Gordon’s sardonic smile faded into a frown as he turned over one letter after another. Something was wrong here.

He had expected to be amused by junk mail and personal correspondence. But there didn’t seem to be a single advertisement in the bag. And while there were many private letters, most of the envelopes appeared to be on one or another type of official stationery.

Well, there wasn’t time for voyeurism anyway. He’d take a dozen or so letters for entertainment, and use the backsides for his new journal.

He avoided thinking about the loss of the old volume—sixteen years’ tiny scratchings, now doubtless being perused by that onetime stockbroker robber. It would be read and preserved, he was sure, along with the tiny volumes of verse he had carried in his pack, or he had misread Roger Septien’s personality.
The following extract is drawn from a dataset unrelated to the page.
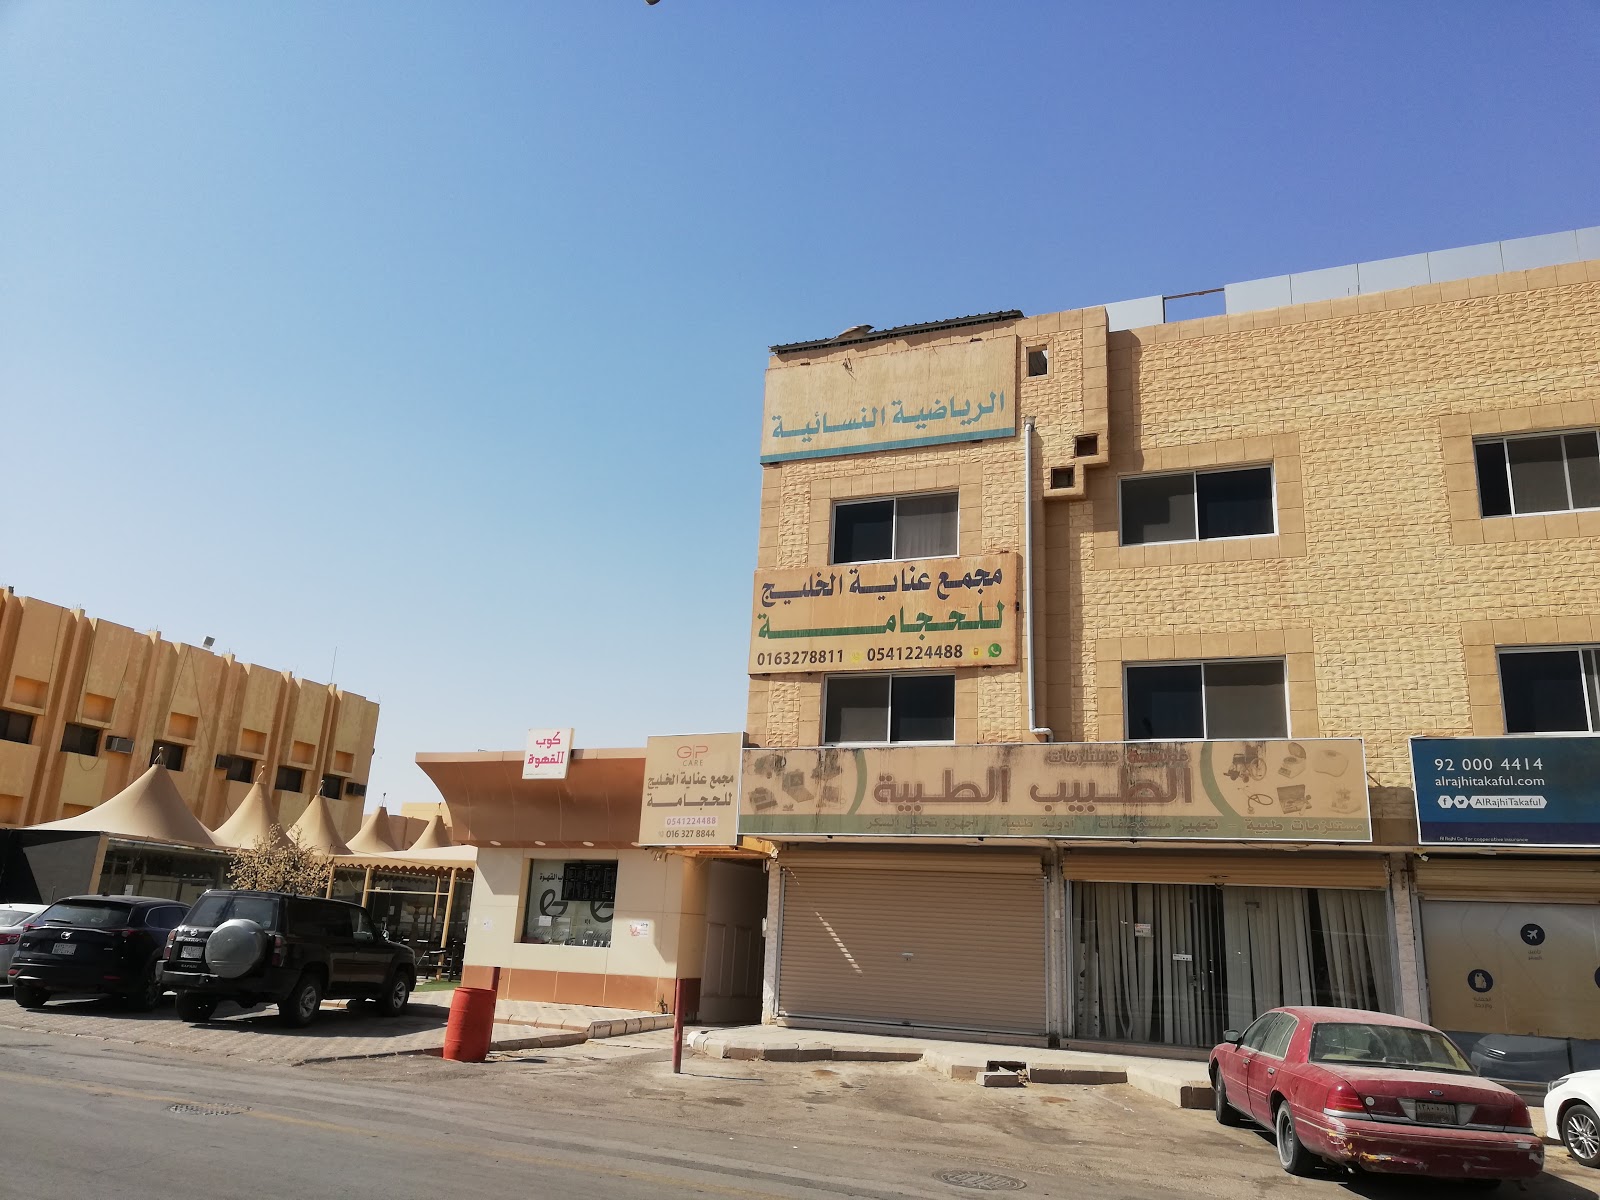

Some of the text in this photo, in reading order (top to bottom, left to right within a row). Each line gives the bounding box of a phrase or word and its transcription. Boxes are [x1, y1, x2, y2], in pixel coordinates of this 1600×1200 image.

Someday, he would come and get them back.

* * *

What was a U.S. Postal Service jeep doing out here, anyway? And what had killed the postman? He found part of his answer around at the back of the vehicle—bullet holes in the tailgate window, well grouped midway up the right side.

Gordon looked over to the ponderosa. Yes, the shirt and the jacket each had two holes in the back of the upper chest area.

The attempted hijacking or robbery could not have been prewar. Mail carriers were almost never attacked, even in the late eighties’ depression riots, before the “golden age” of the nineties.

Besides, a missing carrier would have been searched for until found.

So, the attack took place after the One-Week War. But what was a mailman doing driving alone through the countryside after the United States had effectively ceased to exist? How long afterward had this happened?

The fellow must have driven off from his ambush, seeking obscure roads and trails to get away from his assailants. Maybe he didn’t know the severity of his wounds, or simply panicked.

But Gordon suspected that there was another reason the letter carrier had chosen to weave in and out of blackberry thickets to hide deep in forest depths.

“He was protecting his cargo,” Gordon whispered. “He measured the chance he’d black out on the road against the possibility of getting to help… and decided to cache the mail, rather than try to live.”

So, this was a bona fide postwar postman. A hero of the flickering twilight of civilization. Gordon thought of the old-time ode of the mails… “Neither sleet, nor hail…” and wondered at the fact that some had tried this hard to keep the light alive.